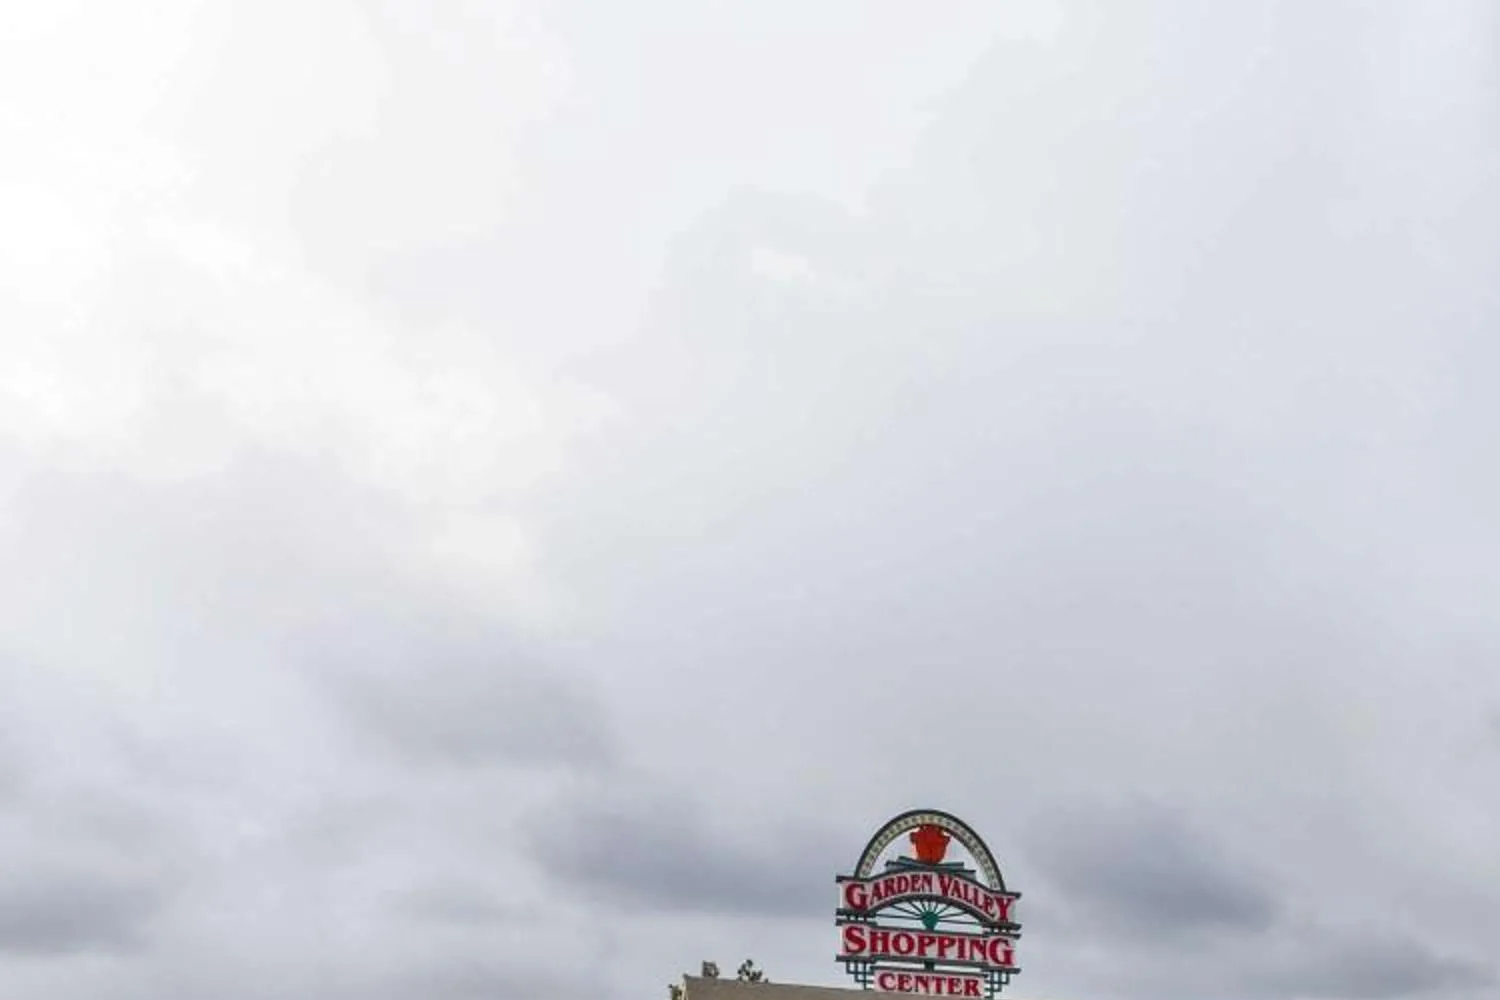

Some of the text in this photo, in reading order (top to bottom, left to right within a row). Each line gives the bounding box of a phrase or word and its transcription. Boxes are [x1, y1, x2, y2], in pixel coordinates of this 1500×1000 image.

[845, 873, 1016, 923] GARDEN VALLEY
[844, 925, 1014, 966] SHOPPING
[878, 972, 982, 997] CENTER
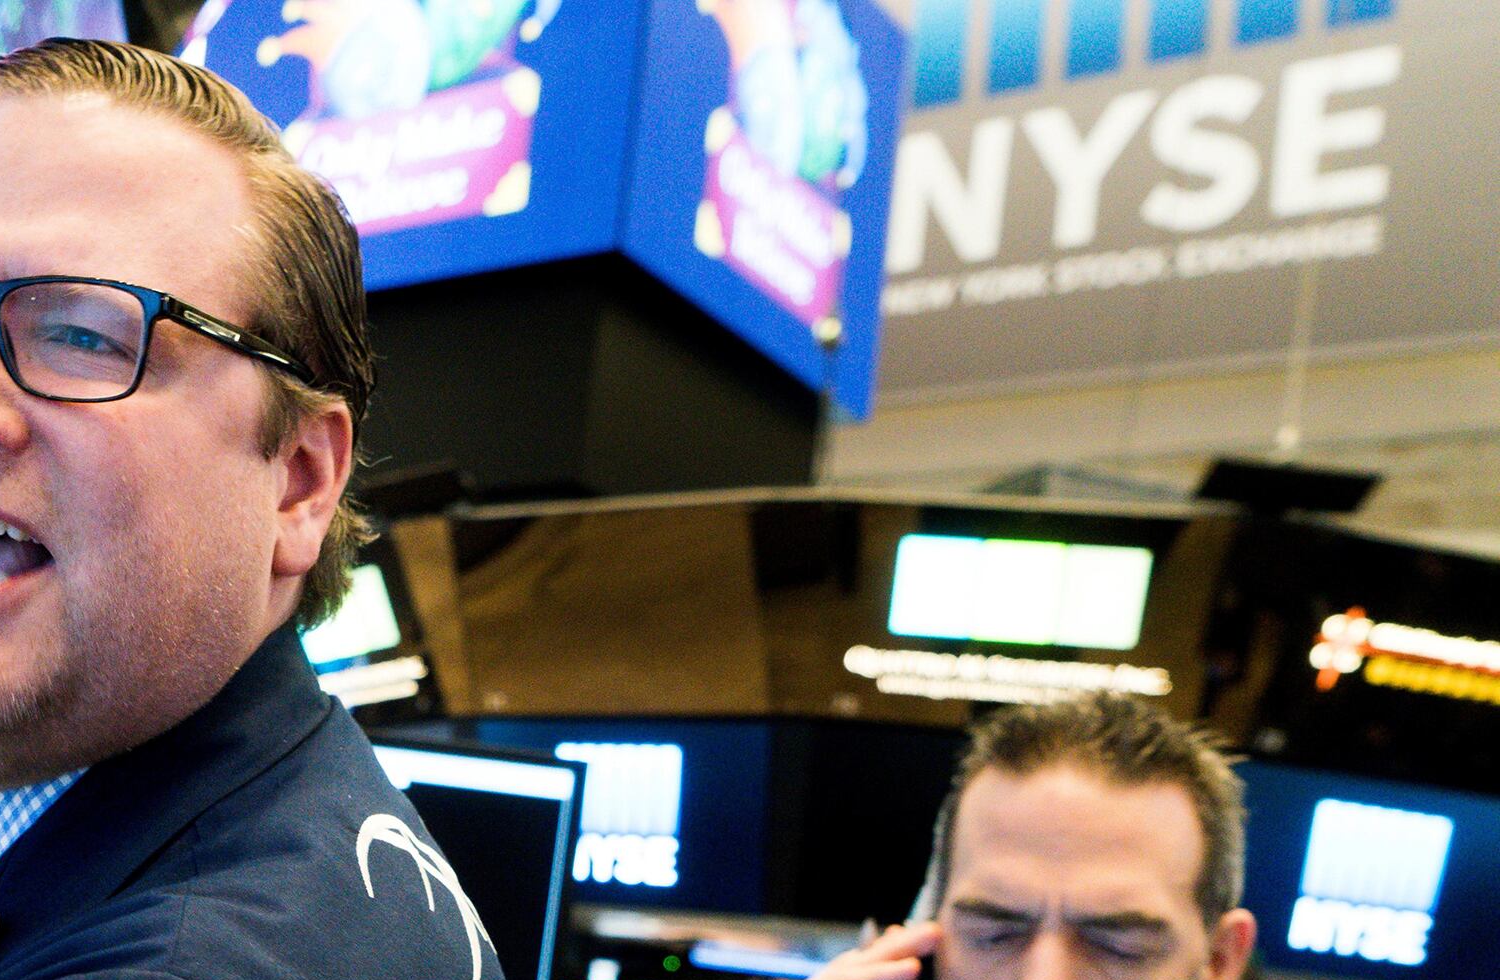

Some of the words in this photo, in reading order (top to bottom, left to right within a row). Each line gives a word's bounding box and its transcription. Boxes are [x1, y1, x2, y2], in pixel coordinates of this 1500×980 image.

[883, 43, 1403, 275] NYSE
[958, 263, 1049, 304] YORK
[1051, 246, 1166, 294] STOCK
[1172, 215, 1384, 279] EXCHANGE
[1287, 896, 1434, 966] NYSE
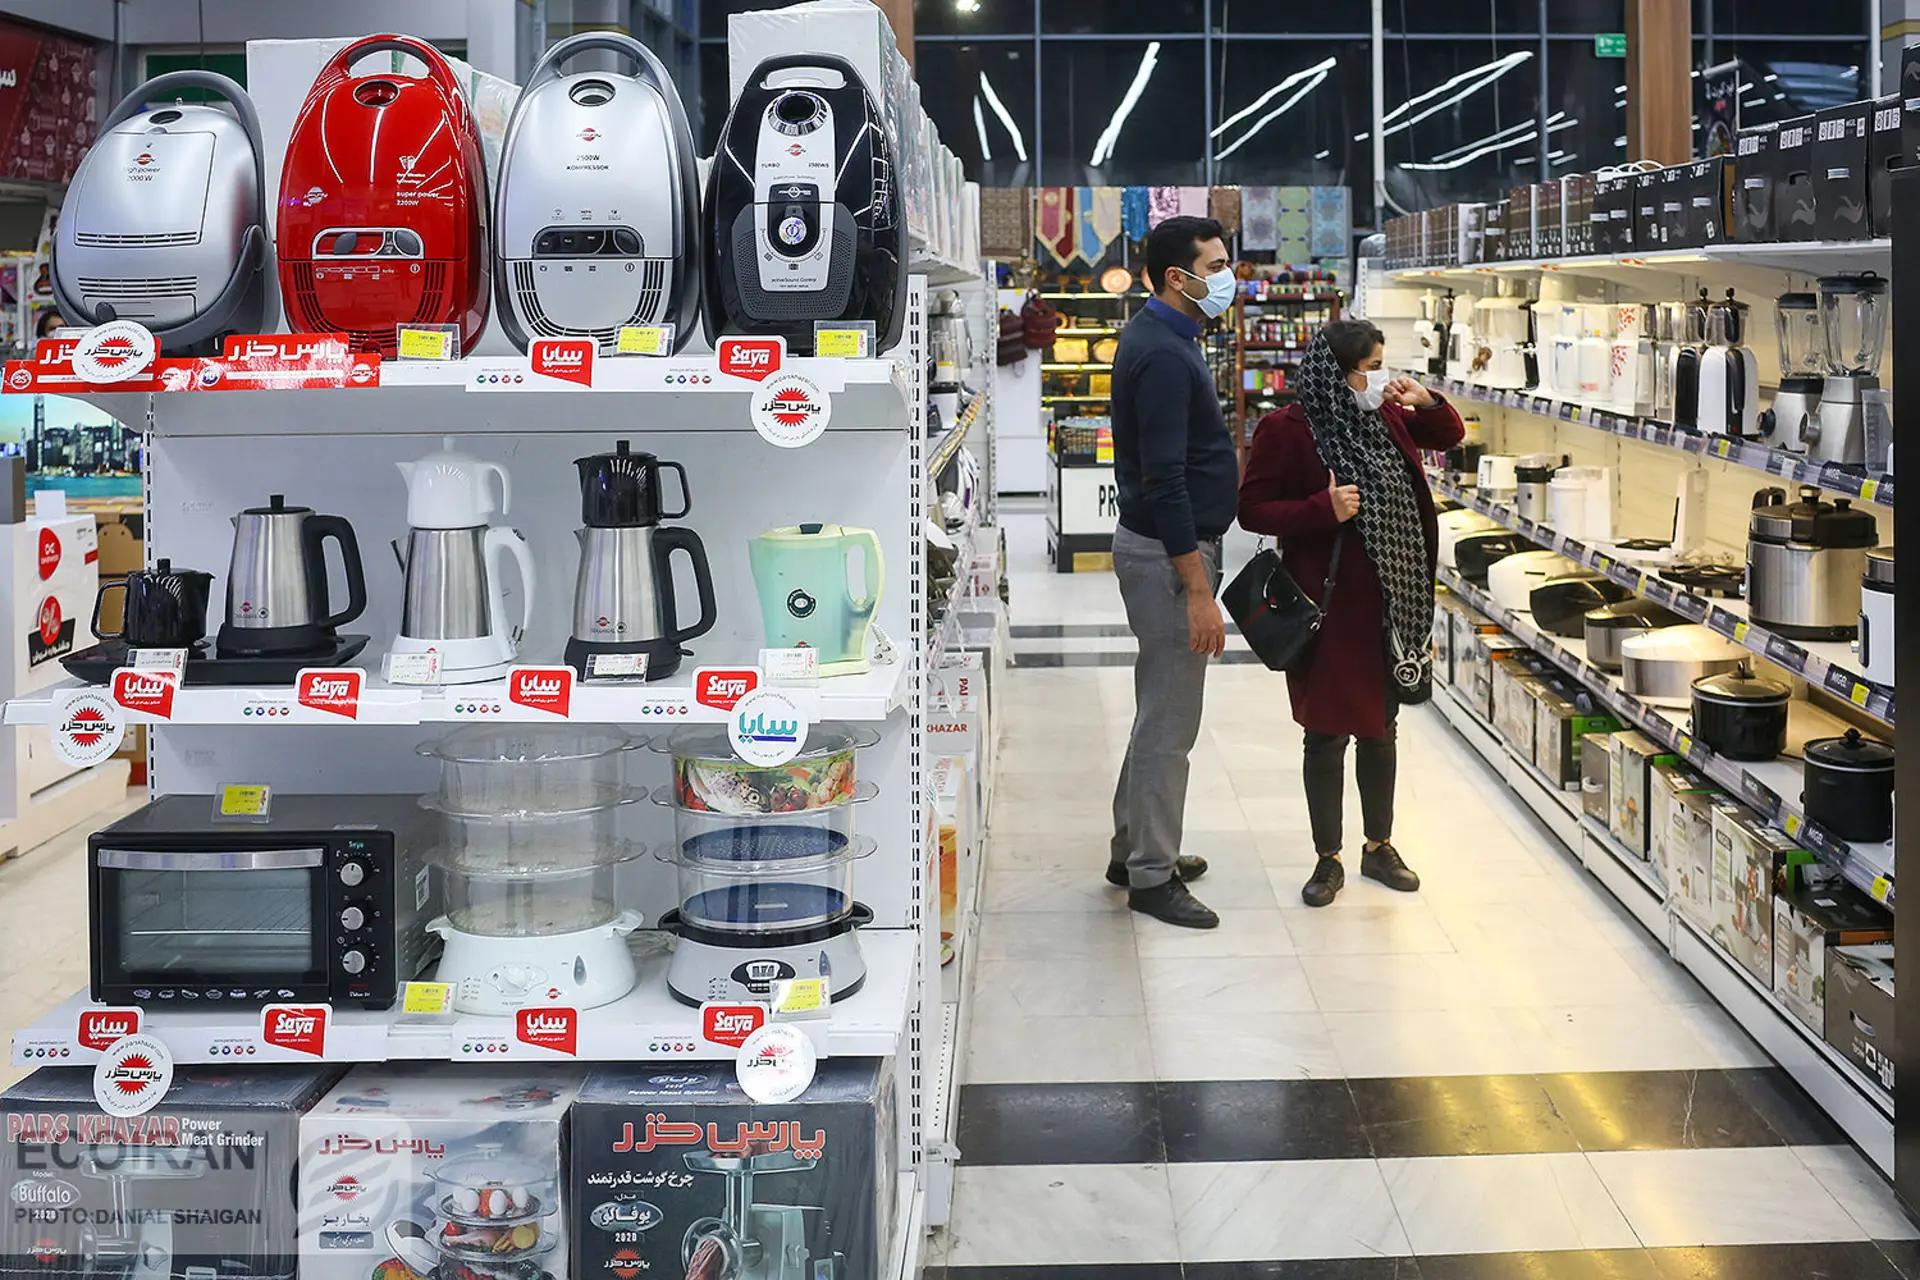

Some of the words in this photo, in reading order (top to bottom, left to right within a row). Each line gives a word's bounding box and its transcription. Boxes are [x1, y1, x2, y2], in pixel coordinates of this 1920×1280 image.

■ ■ ■ ■ ■ ■ ■

Your task is an exact transcription of all the data, minus the pictures.

**Written response**
Some of the text in this photo, in reading order (top to bottom, left to right within a row). Each line gives the bounding box of a phrase or word and its transcription. Boxes are [x1, y1, x2, y2], in pixel coordinates of this 1500×1000 image.

[845, 873, 1016, 923] GARDEN VALLEY
[844, 925, 1014, 966] SHOPPING
[878, 972, 982, 997] CENTER

Some of the words in this photo, in reading order (top to bottom, left to right within a row). Each line gives a word's bounding box and its transcription. Boxes are [x1, y1, x2, y2], in pixel coordinates of this 1500×980 image.

[883, 43, 1403, 275] NYSE
[958, 263, 1049, 304] YORK
[1051, 246, 1166, 294] STOCK
[1172, 215, 1384, 279] EXCHANGE
[1287, 896, 1434, 966] NYSE

Some of the words in this photo, in reading order (top to bottom, left to right within a row). Each line gives a word's bounding box and its transcription. Boxes are [x1, y1, x2, y2], in pixel coordinates of this 1920×1280 image.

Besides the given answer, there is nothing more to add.